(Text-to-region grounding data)

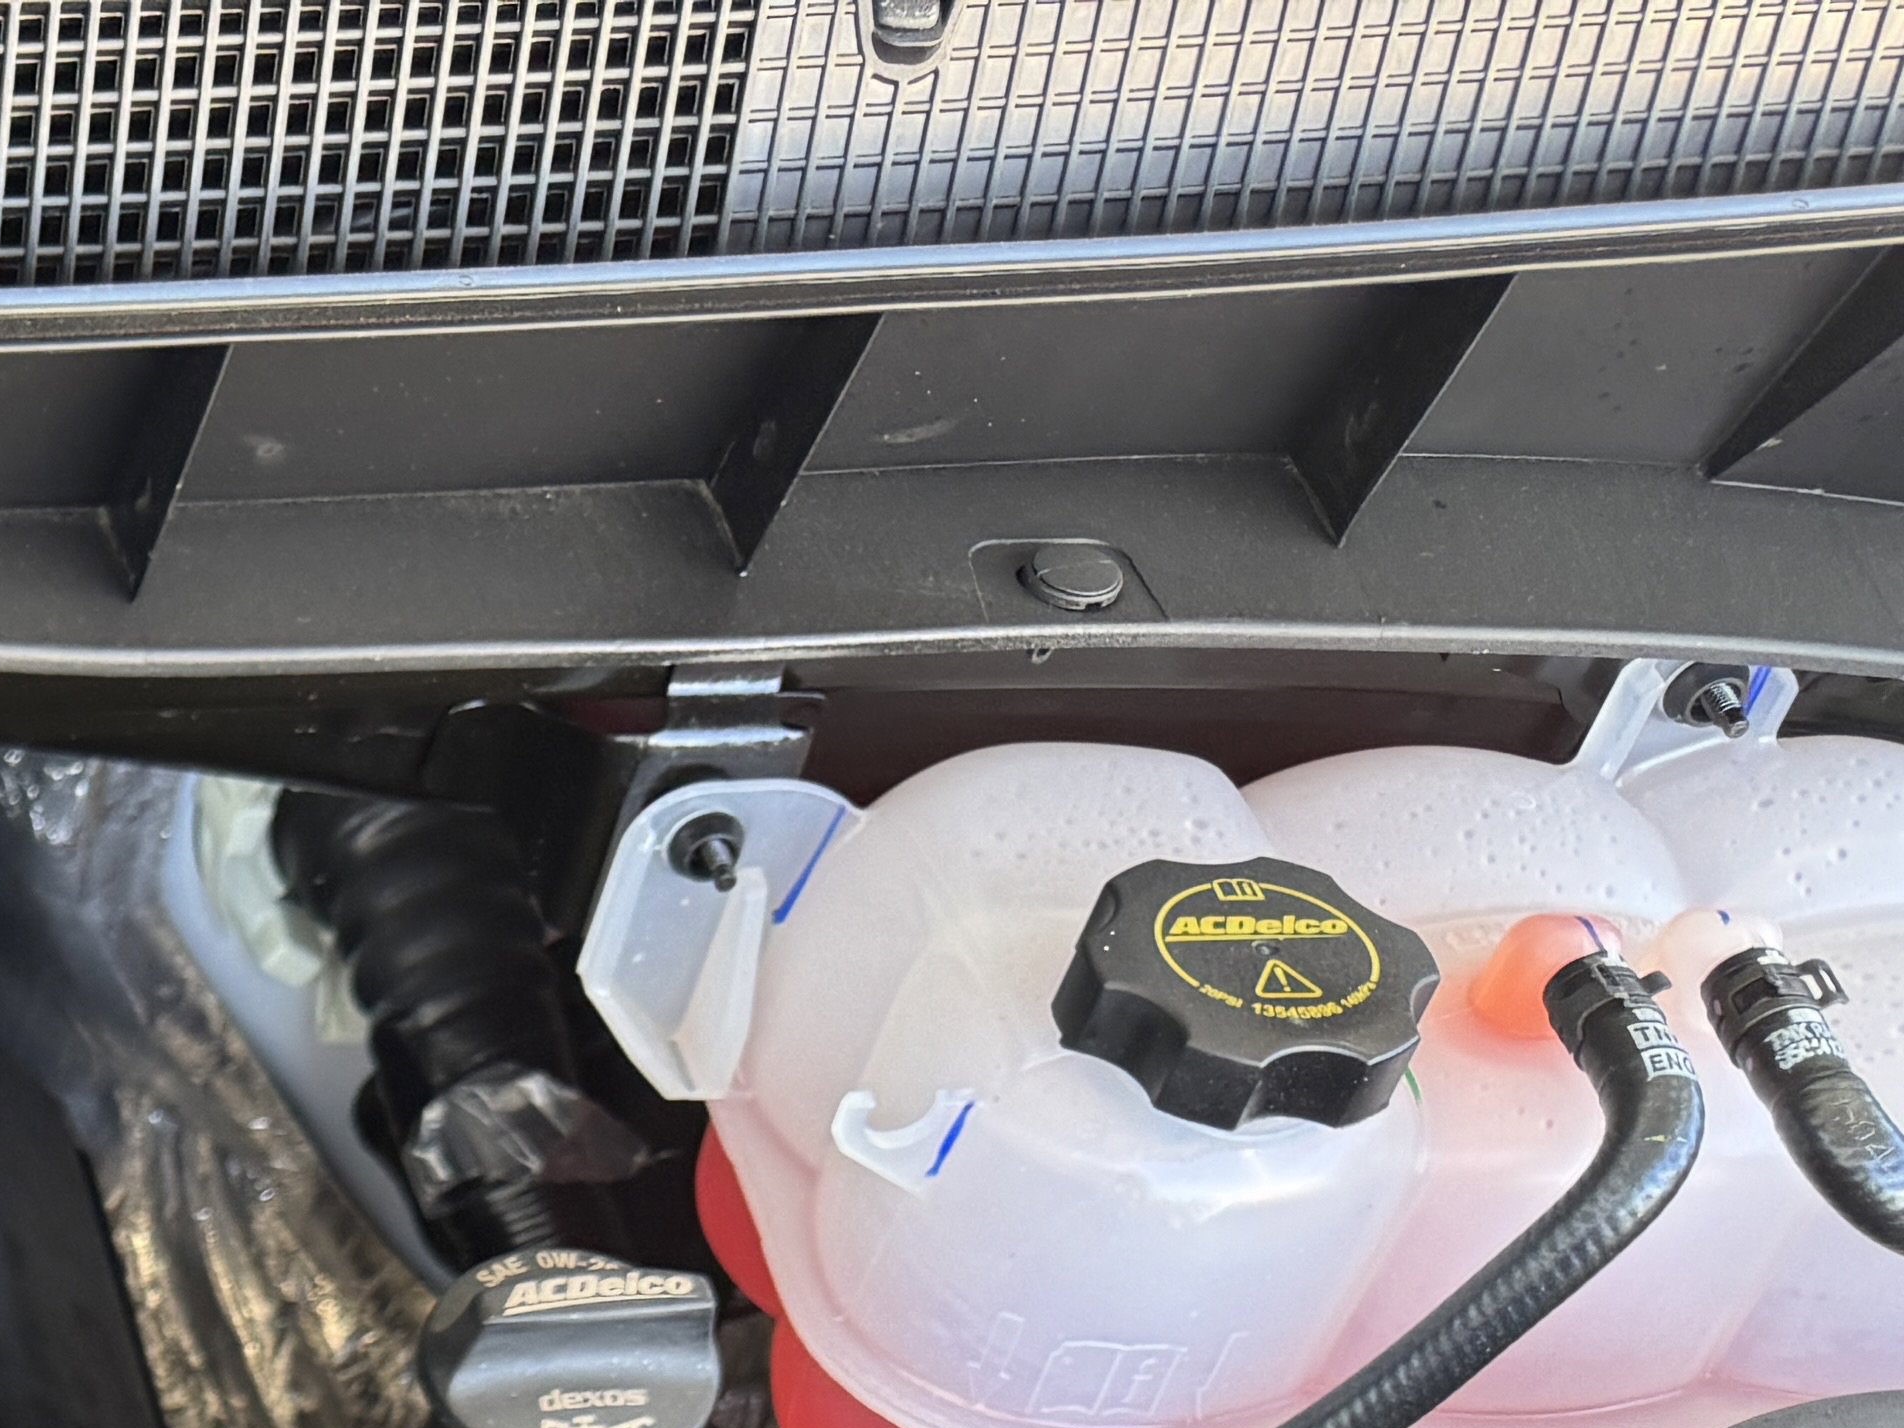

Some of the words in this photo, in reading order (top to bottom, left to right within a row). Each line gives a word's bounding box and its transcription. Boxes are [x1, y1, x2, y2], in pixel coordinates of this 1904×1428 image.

[1169, 914, 1347, 935] ACDelco
[475, 1255, 529, 1289] SAE
[505, 1271, 694, 1307] ACDelco
[538, 1388, 649, 1412] dexos

- **Goal of the exercise**: Transcribe the entries above word for word, but leave every picture out of your copy.

- **Answer to the exercise**:
Some of the words in this photo, in reading order (top to bottom, left to right within a row). Each line gives a word's bounding box and its transcription. Boxes are [x1, y1, x2, y2], in pixel coordinates of this 1904×1428 image.

[1169, 914, 1347, 935] ACDelco
[475, 1255, 529, 1289] SAE
[505, 1271, 694, 1307] ACDelco
[538, 1388, 649, 1412] dexos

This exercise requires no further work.